I- BİRLEŞMEYE HAKİM OLAN İLKELER
A) TASFİYESİZ SONA ERME
Kural olarak sona eren bir ticaret şirket tasfiye haline girer. Ancak Ticari şirket birleşmeleri bunun istisnalarından birini oluşturmaktadır. Birleşmelerde en az bir şirketin tasfiyesiz sona ermesi şarttır. Böylece infisah eden şirket hukuki varlığını sona erdirmekle beraber, faaliyetini yeni kurulan veya devralan şirket bünyesinde sürdürmekte, üçüncü kişilerde doğmuş veya doğabilecek her türlü irtibat ve ihtilaflarda bu şirket halef tayin edilmiş olmaktadır.
B) KÜLLİ HALEFİYET İLKESİ
Külli halefiyet hukuki bir olay sonucunda bir kişinin devri mümkün bütün hukuki ilişkilerinin, bu hukuki ilişkilerin devrindeki kurallara ilişkin yasal koşullar aranmaksızın bir bütün olarak kendiliğinden başka bir kişiye geçmesidir.

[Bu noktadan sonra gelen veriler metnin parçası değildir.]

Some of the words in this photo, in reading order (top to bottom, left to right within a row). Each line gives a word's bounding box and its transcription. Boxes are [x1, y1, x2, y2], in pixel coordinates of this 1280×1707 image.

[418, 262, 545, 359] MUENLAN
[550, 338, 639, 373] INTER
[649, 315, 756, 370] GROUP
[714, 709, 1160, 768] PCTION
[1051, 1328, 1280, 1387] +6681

Başka bir deyişle, bir mal varlığını meydana getiren bütün hak alacak ve borçların bir kül halinde bir başkasına intikal etmesidir. Birleşmenin bu ilkeye göre gerçekleşmesinin anlamı şirketin bütün aktif ve pasifleriyle kendiliğinden ve başka bir işleme gerek olmaksızın devralan ya da yeni kurulan şirkete geçmesidir.
C) PAYSAHİPLİĞİNİN DEVAMI İLKESİ
Pay sahipliğinin devamı ilkesi, devrolunan şirketin her bir ortağının, devrolunan şirketteki katılım payı değerini karşılayacak ve şimdiye kadarki payının verdiği haklara eşit haklar içeren bir devralan şirket payını talep etme hakkı olduğu anlamına gelir. Bu ilke gereğince, devrolunan şirkette birleşmeye kadar sahip olunan pay sahipliği sıfatı, bir değişim oranına göre hesaplanmış olan devralan ya da yeni kurulan şirkette devam ettirilmektedir.

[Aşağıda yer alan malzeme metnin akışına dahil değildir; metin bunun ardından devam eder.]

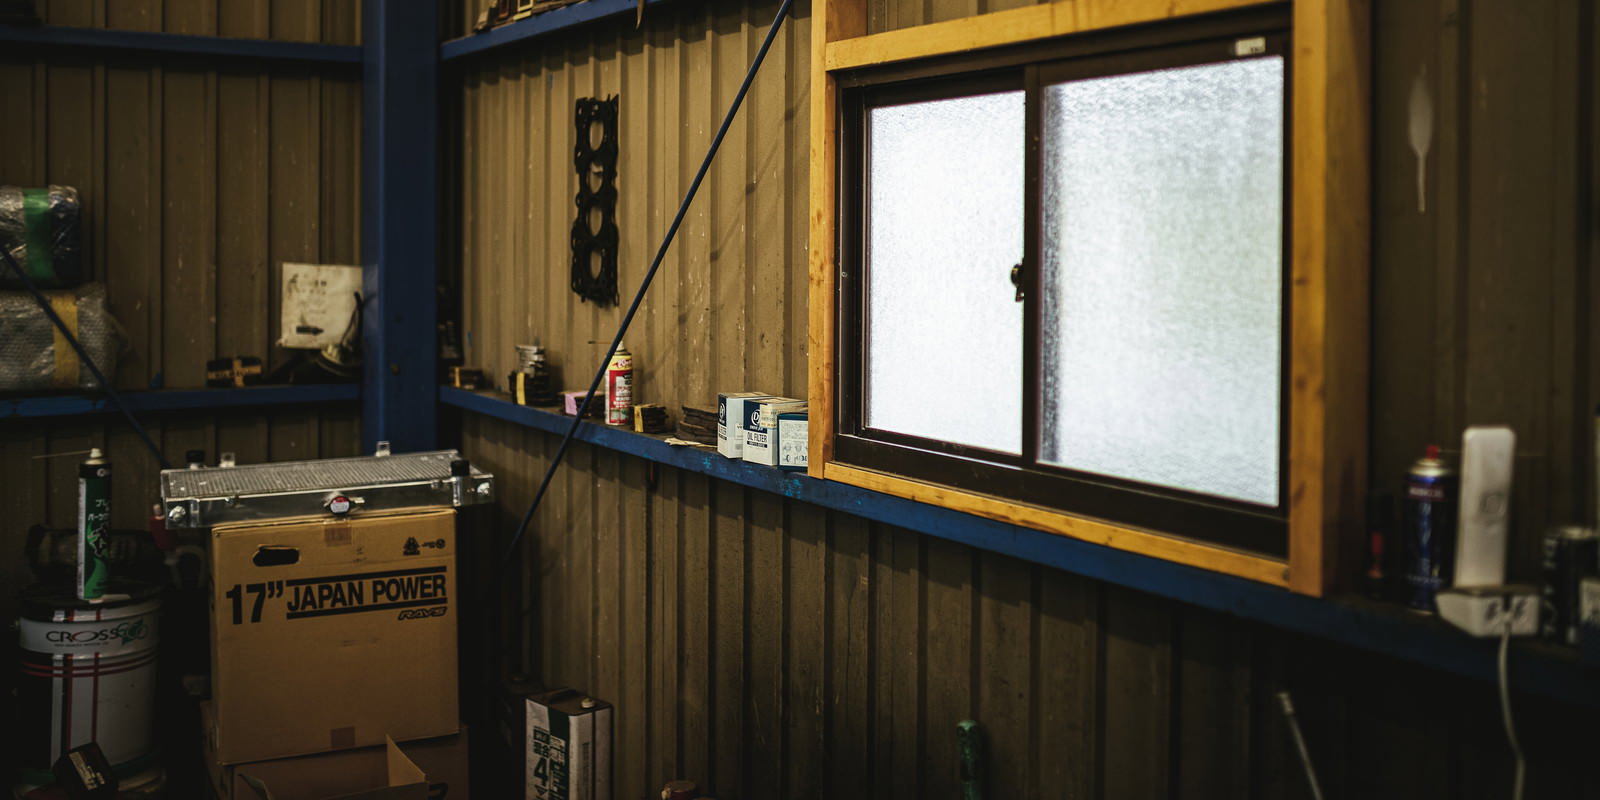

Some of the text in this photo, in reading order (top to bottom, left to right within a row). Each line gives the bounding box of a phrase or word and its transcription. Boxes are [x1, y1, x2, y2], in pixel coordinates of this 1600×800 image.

Birleşmede esas olan pay sahipliğinin devam ettirilmesidir. Ancak Ticaret Kanunumuz bu ilkeye bir istisna getirmiştir. Ayrılma akçesi olarak adlandırılan bu düzenlemeye göre, birleşmeye katılan şirketler birleşme sözleşmesinde, ortaklara, devralan şirkette pay ve pay
sahipliği haklarının iktisabı ile iktisap olunacak şirket paylarının gerçek değerine denk gelen bir ayrılma akçesi arasında seçim yapma hakkı tanıyabilecekleri gibi; birleşmeye katılan şirketler birleşme sözleşmesinde sadece ayrılma akçesinin verilmesini de kararlaştırabilirler. Bu düzenleme ile ayrılma akçesi devrolunan şirketteki pay sahipleri için seçimlik bir hak olarak sunulabileceği gibi; zorunluluk olarak da belirlenebilir.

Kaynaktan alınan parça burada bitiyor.